Dataset entries:

►

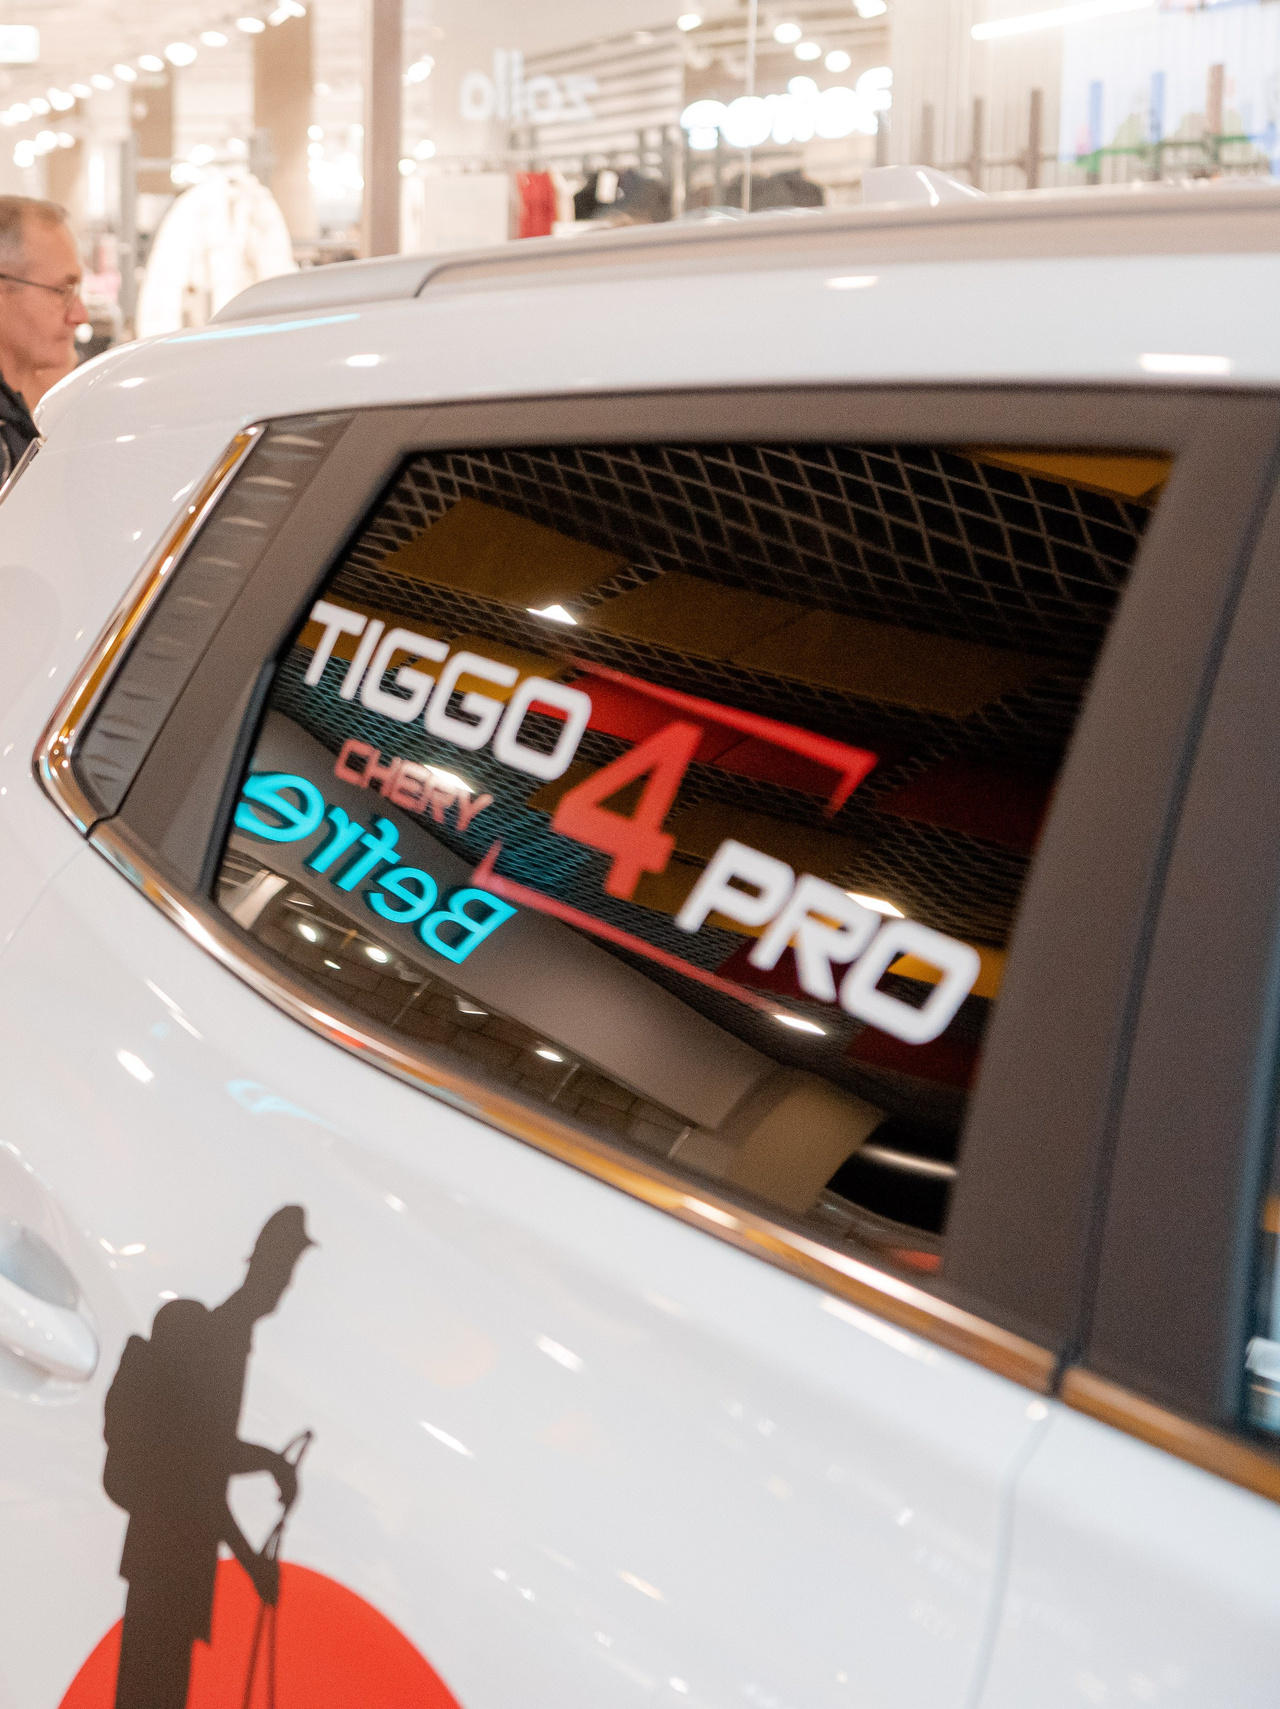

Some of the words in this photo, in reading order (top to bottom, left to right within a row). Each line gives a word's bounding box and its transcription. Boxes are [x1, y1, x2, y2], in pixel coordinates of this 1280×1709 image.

[304, 600, 592, 781] TIGGO
[550, 720, 704, 900] 4
[674, 838, 981, 1045] PRO
[334, 738, 494, 831] CHERY

◄

Work item: All records above are to be printed exactly, minus the pictures they contain.

Reply:
Some of the words in this photo, in reading order (top to bottom, left to right within a row). Each line gives a word's bounding box and its transcription. Boxes are [x1, y1, x2, y2], in pixel coordinates of this 1280×1709 image.

[304, 600, 592, 781] TIGGO
[550, 720, 704, 900] 4
[674, 838, 981, 1045] PRO
[334, 738, 494, 831] CHERY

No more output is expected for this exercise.